* Task requirements:
Copy the records that follow exactly as written, but not their pictures.
---- Given entries
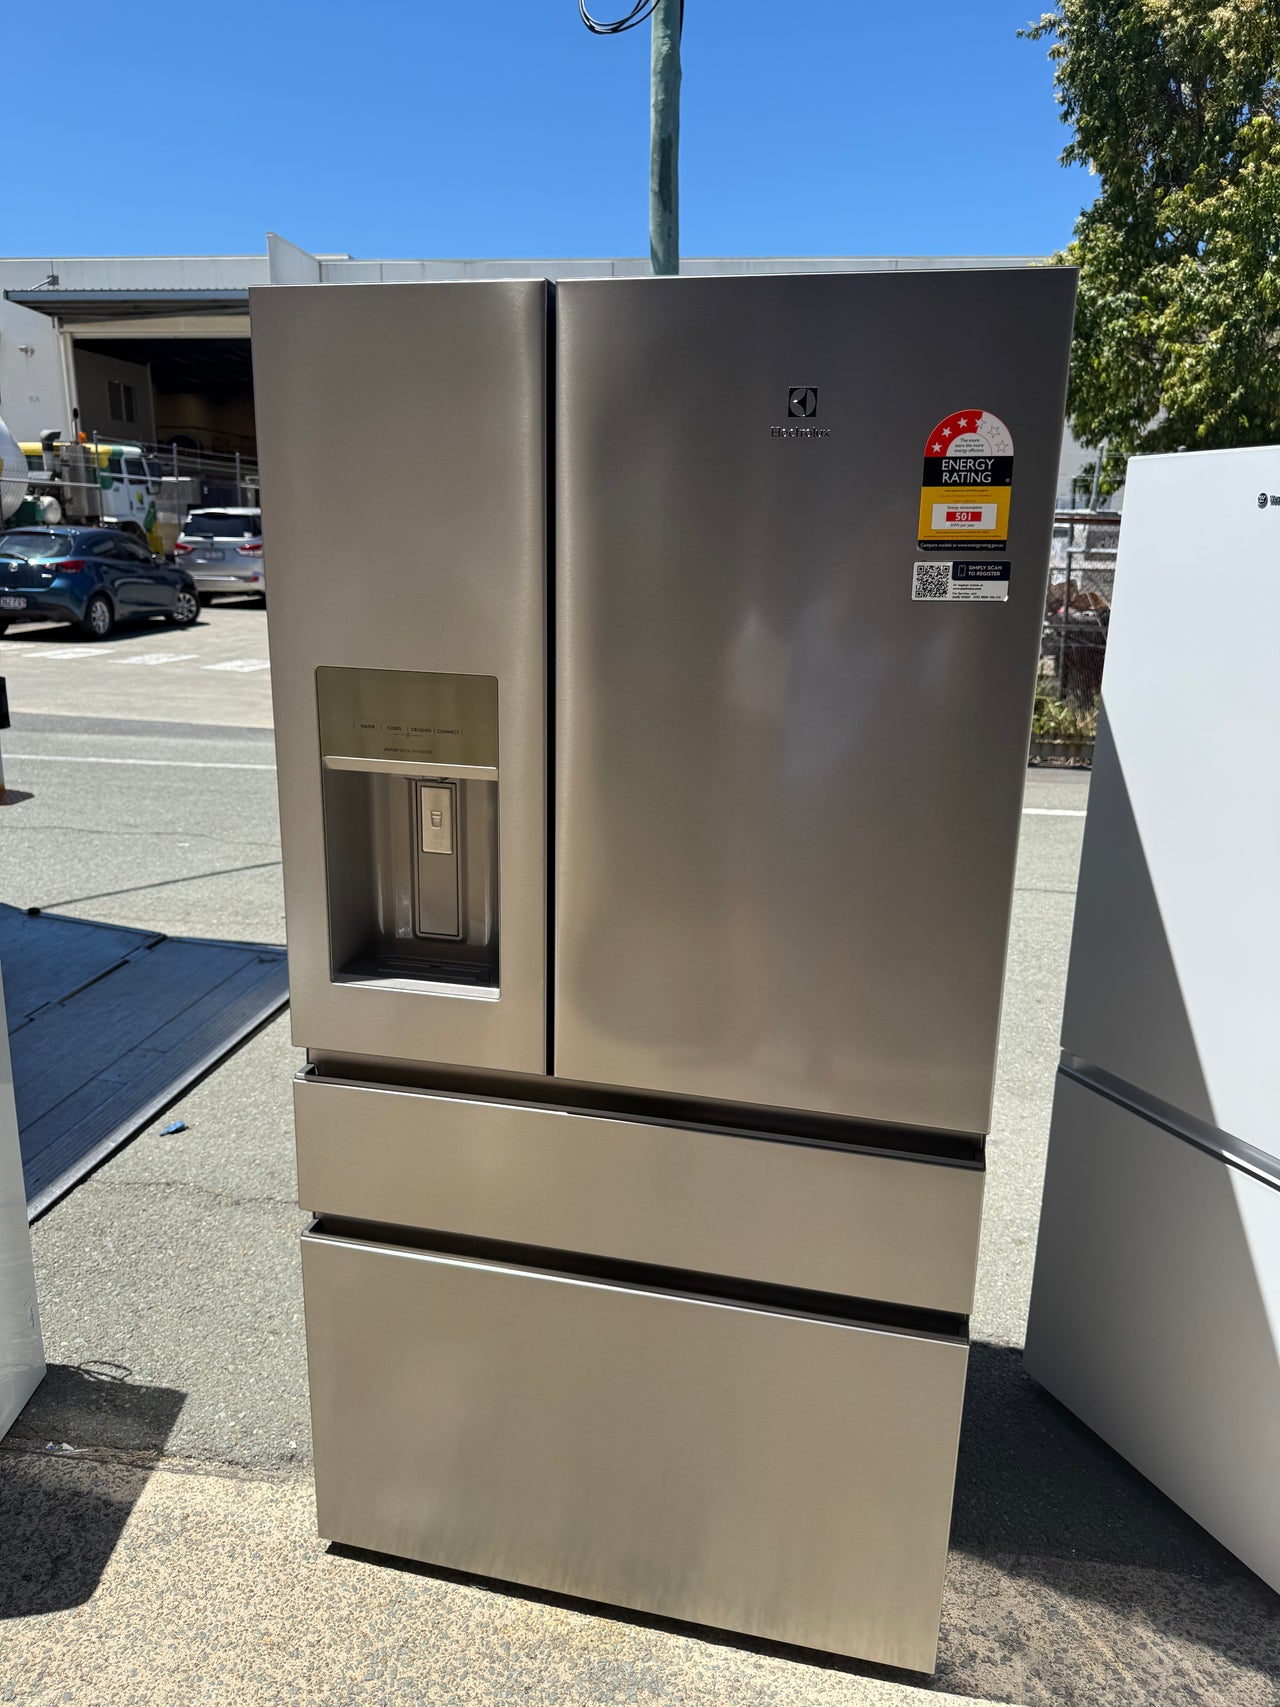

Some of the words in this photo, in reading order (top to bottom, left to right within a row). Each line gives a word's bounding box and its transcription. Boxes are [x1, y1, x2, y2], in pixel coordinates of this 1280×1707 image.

[770, 426, 831, 438] Electrolux
[942, 458, 994, 470] ENERGY
[942, 472, 992, 484] RATING
[955, 512, 971, 521] 501
--------
* Answer space:
Some of the words in this photo, in reading order (top to bottom, left to right within a row). Each line gives a word's bounding box and its transcription. Boxes are [x1, y1, x2, y2], in pixel coordinates of this 1280×1707 image.

[770, 426, 831, 438] Electrolux
[942, 458, 994, 470] ENERGY
[942, 472, 992, 484] RATING
[955, 512, 971, 521] 501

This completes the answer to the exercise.